Stored data entries
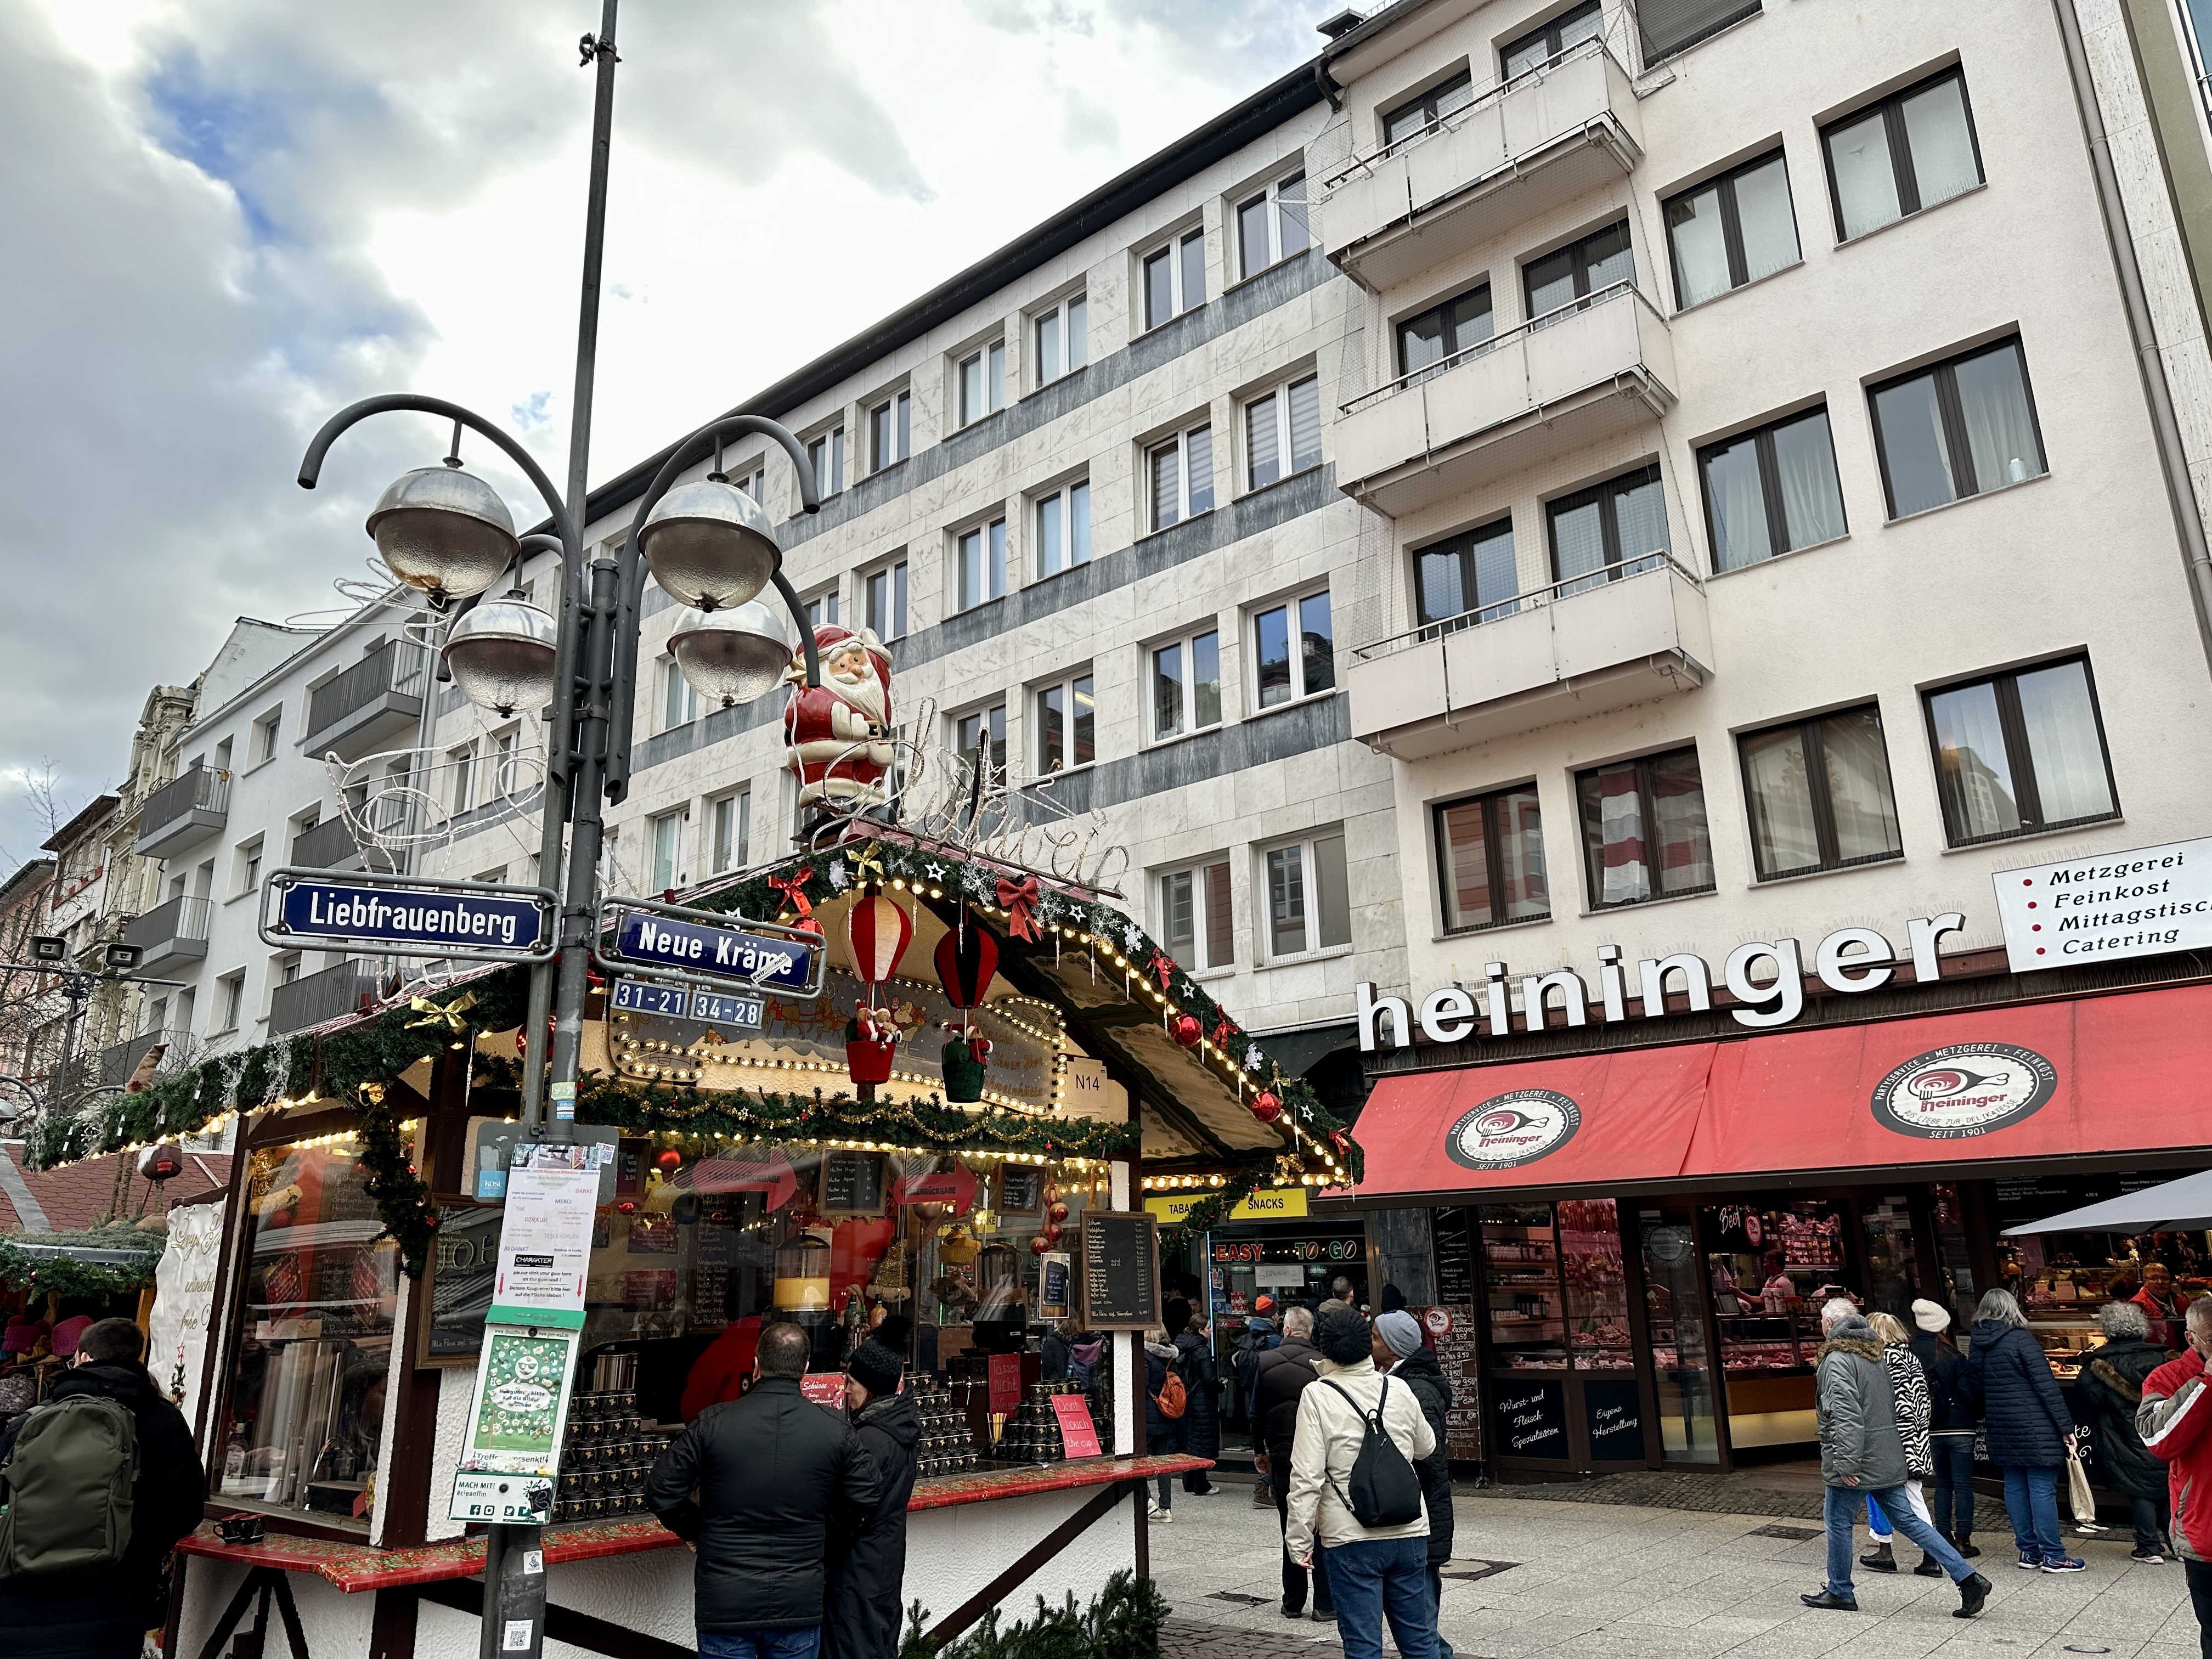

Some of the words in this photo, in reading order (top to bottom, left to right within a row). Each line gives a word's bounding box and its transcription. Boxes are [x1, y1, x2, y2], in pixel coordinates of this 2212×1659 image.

[2050, 852, 2183, 885] Metzgerei
[2055, 879, 2170, 909] Feinkost
[309, 893, 517, 941] Liebfrauenberg
[2059, 900, 2212, 932] Mittagstisc
[639, 922, 703, 958] Neue
[2063, 929, 2179, 954] Catering
[1357, 912, 1966, 1050] heininger
[618, 985, 682, 1013] 31-21
[697, 998, 759, 1024] 34-28
[1075, 1074, 1099, 1091] N14
[1875, 1059, 1921, 1101] PARTYSERVICE
[1935, 1044, 1998, 1058] METZGEREI
[2013, 1048, 2054, 1081] FEINKOST
[1450, 1101, 1492, 1135] PARTYSERVICE
[1504, 1091, 1549, 1101] METZGEREI
[1557, 1097, 1579, 1126] FEINKOST
[1917, 1115, 1940, 1125] LIEBE
[1966, 1098, 2019, 1124] DELIKATESSE
[1920, 1094, 2007, 1113] heininger
[1479, 1135, 1543, 1148] heininger
[1929, 1130, 1954, 1138] SEIT
[1961, 1126, 1986, 1137] 1901
[1248, 1198, 1284, 1210] SNACKS
[1216, 1244, 1263, 1261] EASY
[990, 1359, 1018, 1375] Tassen
[994, 1377, 1017, 1392] nicht
[1499, 1398, 1529, 1413] Wurst-
[1531, 1389, 1544, 1403] und
[1059, 1415, 1090, 1430] Touch
[1514, 1410, 1543, 1427] Fleisch-
[1596, 1406, 1622, 1419] Eigene
[1511, 1427, 1559, 1449] Spezialitäten
[1593, 1418, 1638, 1438] Herstellung
[1065, 1436, 1079, 1447] the
[1081, 1440, 1092, 1448] cup

◆ **PROBLEM DETAILS**:
Please retype every record shown above, exactly as written, but without pictures.

◆ **FINAL ANSWER**:
Some of the words in this photo, in reading order (top to bottom, left to right within a row). Each line gives a word's bounding box and its transcription. Boxes are [x1, y1, x2, y2], in pixel coordinates of this 2212×1659 image.

[2050, 852, 2183, 885] Metzgerei
[2055, 879, 2170, 909] Feinkost
[309, 893, 517, 941] Liebfrauenberg
[2059, 900, 2212, 932] Mittagstisc
[639, 922, 703, 958] Neue
[2063, 929, 2179, 954] Catering
[1357, 912, 1966, 1050] heininger
[618, 985, 682, 1013] 31-21
[697, 998, 759, 1024] 34-28
[1075, 1074, 1099, 1091] N14
[1875, 1059, 1921, 1101] PARTYSERVICE
[1935, 1044, 1998, 1058] METZGEREI
[2013, 1048, 2054, 1081] FEINKOST
[1450, 1101, 1492, 1135] PARTYSERVICE
[1504, 1091, 1549, 1101] METZGEREI
[1557, 1097, 1579, 1126] FEINKOST
[1917, 1115, 1940, 1125] LIEBE
[1966, 1098, 2019, 1124] DELIKATESSE
[1920, 1094, 2007, 1113] heininger
[1479, 1135, 1543, 1148] heininger
[1929, 1130, 1954, 1138] SEIT
[1961, 1126, 1986, 1137] 1901
[1248, 1198, 1284, 1210] SNACKS
[1216, 1244, 1263, 1261] EASY
[990, 1359, 1018, 1375] Tassen
[994, 1377, 1017, 1392] nicht
[1499, 1398, 1529, 1413] Wurst-
[1531, 1389, 1544, 1403] und
[1059, 1415, 1090, 1430] Touch
[1514, 1410, 1543, 1427] Fleisch-
[1596, 1406, 1622, 1419] Eigene
[1511, 1427, 1559, 1449] Spezialitäten
[1593, 1418, 1638, 1438] Herstellung
[1065, 1436, 1079, 1447] the
[1081, 1440, 1092, 1448] cup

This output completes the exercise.